───── Supplied records

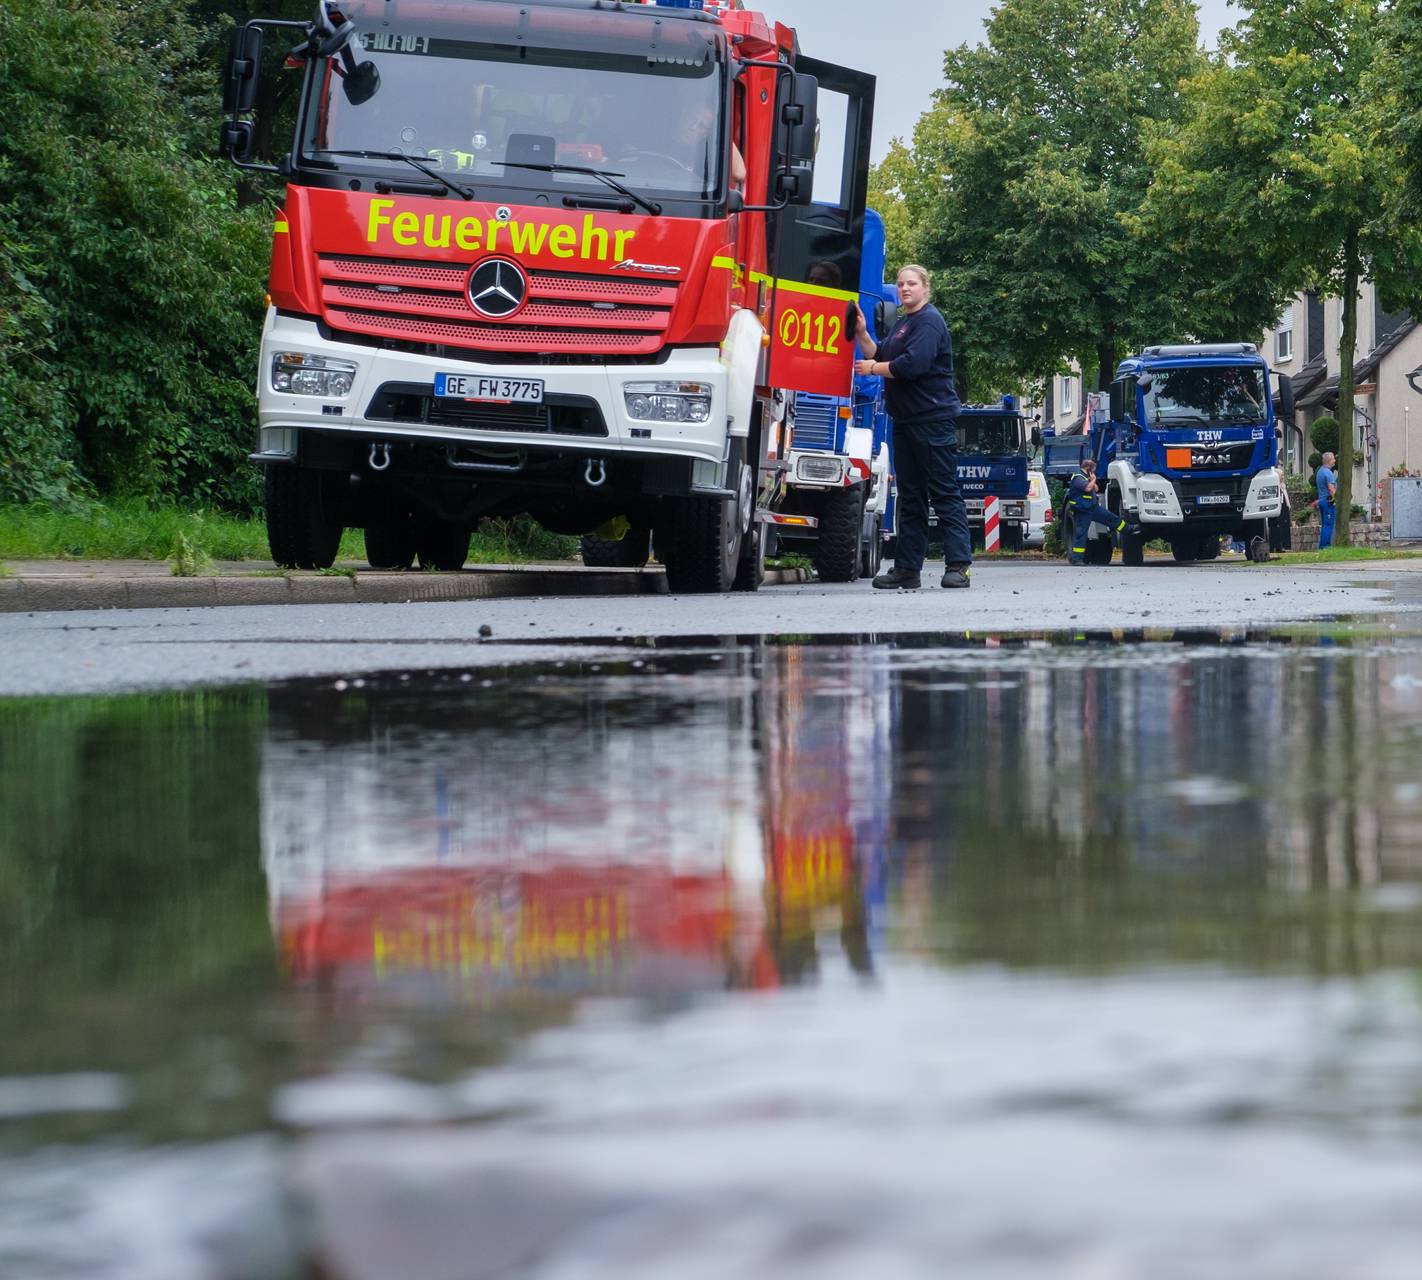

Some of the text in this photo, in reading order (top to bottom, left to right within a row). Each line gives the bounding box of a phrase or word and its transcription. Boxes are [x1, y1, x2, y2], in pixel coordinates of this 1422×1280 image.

[366, 199, 636, 262] Feuerwehr
[800, 311, 840, 354] 112
[447, 377, 541, 399] GE FW 3775
[1196, 429, 1223, 441] THW
[1192, 454, 1231, 464] MAN
[956, 466, 992, 478] THW
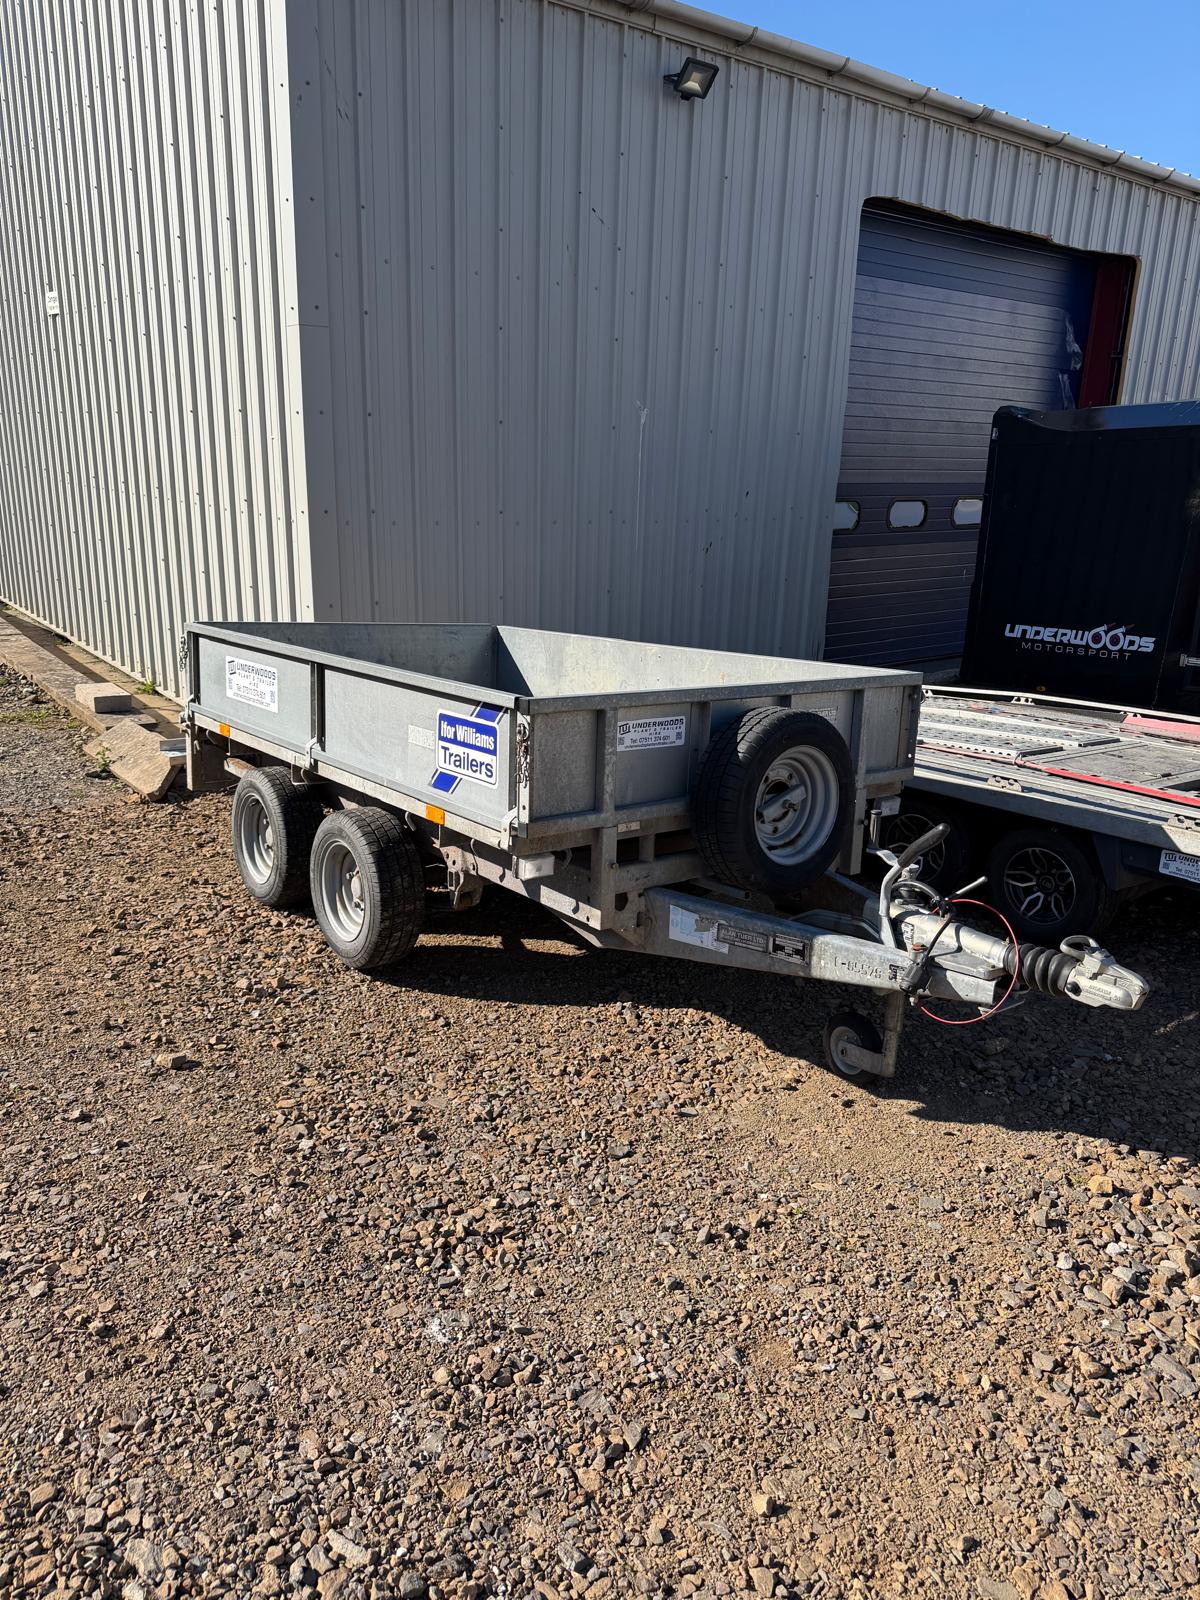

──────────

* **Activity**:
Every entry above is to be transcribed exactly, with all pictures left out.

* **Response area**:
Some of the text in this photo, in reading order (top to bottom, left to right within a row). Each line gives the bounding box of a phrase or word and its transcription. Boxes are [x1, y1, x2, y2], in pixel coordinates of this 1422×1280 image.

[366, 199, 636, 262] Feuerwehr
[800, 311, 840, 354] 112
[447, 377, 541, 399] GE FW 3775
[1196, 429, 1223, 441] THW
[1192, 454, 1231, 464] MAN
[956, 466, 992, 478] THW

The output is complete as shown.